DATA SECTION START
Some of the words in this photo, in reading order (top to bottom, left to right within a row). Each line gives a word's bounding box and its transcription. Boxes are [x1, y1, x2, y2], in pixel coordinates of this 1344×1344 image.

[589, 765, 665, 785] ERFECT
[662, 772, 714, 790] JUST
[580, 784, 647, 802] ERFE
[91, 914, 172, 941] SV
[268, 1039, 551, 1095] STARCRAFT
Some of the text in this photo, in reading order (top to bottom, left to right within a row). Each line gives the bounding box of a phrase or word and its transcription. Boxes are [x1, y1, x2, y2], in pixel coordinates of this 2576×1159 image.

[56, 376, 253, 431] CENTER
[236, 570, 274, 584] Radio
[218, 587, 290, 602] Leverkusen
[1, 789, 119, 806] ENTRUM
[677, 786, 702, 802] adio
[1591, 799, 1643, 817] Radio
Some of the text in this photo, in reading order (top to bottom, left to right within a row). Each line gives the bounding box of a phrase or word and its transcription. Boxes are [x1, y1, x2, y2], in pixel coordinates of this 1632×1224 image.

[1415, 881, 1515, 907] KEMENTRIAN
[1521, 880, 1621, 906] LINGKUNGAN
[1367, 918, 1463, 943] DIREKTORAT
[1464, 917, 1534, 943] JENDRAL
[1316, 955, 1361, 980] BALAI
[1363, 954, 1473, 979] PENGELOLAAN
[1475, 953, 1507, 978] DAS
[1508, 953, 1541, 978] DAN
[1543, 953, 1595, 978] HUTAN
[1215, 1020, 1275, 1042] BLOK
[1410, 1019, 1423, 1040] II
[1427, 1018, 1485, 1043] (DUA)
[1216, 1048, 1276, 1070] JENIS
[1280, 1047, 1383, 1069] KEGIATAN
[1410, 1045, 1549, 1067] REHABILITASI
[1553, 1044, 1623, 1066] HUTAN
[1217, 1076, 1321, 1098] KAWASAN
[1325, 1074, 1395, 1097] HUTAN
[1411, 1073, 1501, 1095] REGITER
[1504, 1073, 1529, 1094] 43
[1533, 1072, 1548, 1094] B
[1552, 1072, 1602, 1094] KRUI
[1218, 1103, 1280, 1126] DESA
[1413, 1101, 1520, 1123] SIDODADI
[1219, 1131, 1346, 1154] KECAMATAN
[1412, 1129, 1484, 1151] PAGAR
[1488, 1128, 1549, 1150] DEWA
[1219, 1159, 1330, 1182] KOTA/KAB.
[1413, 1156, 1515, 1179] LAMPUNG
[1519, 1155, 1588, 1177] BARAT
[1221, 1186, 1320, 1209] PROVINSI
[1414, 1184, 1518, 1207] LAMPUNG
DATA SECTION END
> [TASK REQUIREMENTS]:
Restate the full material word for word.

> [REPLY]:
Some of the words in this photo, in reading order (top to bottom, left to right within a row). Each line gives a word's bounding box and its transcription. Boxes are [x1, y1, x2, y2], in pixel coordinates of this 1344×1344 image.

[589, 765, 665, 785] ERFECT
[662, 772, 714, 790] JUST
[580, 784, 647, 802] ERFE
[91, 914, 172, 941] SV
[268, 1039, 551, 1095] STARCRAFT
Some of the text in this photo, in reading order (top to bottom, left to right within a row). Each line gives the bounding box of a phrase or word and its transcription. Boxes are [x1, y1, x2, y2], in pixel coordinates of this 2576×1159 image.

[56, 376, 253, 431] CENTER
[236, 570, 274, 584] Radio
[218, 587, 290, 602] Leverkusen
[1, 789, 119, 806] ENTRUM
[677, 786, 702, 802] adio
[1591, 799, 1643, 817] Radio
Some of the text in this photo, in reading order (top to bottom, left to right within a row). Each line gives the bounding box of a phrase or word and its transcription. Boxes are [x1, y1, x2, y2], in pixel coordinates of this 1632×1224 image.

[1415, 881, 1515, 907] KEMENTRIAN
[1521, 880, 1621, 906] LINGKUNGAN
[1367, 918, 1463, 943] DIREKTORAT
[1464, 917, 1534, 943] JENDRAL
[1316, 955, 1361, 980] BALAI
[1363, 954, 1473, 979] PENGELOLAAN
[1475, 953, 1507, 978] DAS
[1508, 953, 1541, 978] DAN
[1543, 953, 1595, 978] HUTAN
[1215, 1020, 1275, 1042] BLOK
[1410, 1019, 1423, 1040] II
[1427, 1018, 1485, 1043] (DUA)
[1216, 1048, 1276, 1070] JENIS
[1280, 1047, 1383, 1069] KEGIATAN
[1410, 1045, 1549, 1067] REHABILITASI
[1553, 1044, 1623, 1066] HUTAN
[1217, 1076, 1321, 1098] KAWASAN
[1325, 1074, 1395, 1097] HUTAN
[1411, 1073, 1501, 1095] REGITER
[1504, 1073, 1529, 1094] 43
[1533, 1072, 1548, 1094] B
[1552, 1072, 1602, 1094] KRUI
[1218, 1103, 1280, 1126] DESA
[1413, 1101, 1520, 1123] SIDODADI
[1219, 1131, 1346, 1154] KECAMATAN
[1412, 1129, 1484, 1151] PAGAR
[1488, 1128, 1549, 1150] DEWA
[1219, 1159, 1330, 1182] KOTA/KAB.
[1413, 1156, 1515, 1179] LAMPUNG
[1519, 1155, 1588, 1177] BARAT
[1221, 1186, 1320, 1209] PROVINSI
[1414, 1184, 1518, 1207] LAMPUNG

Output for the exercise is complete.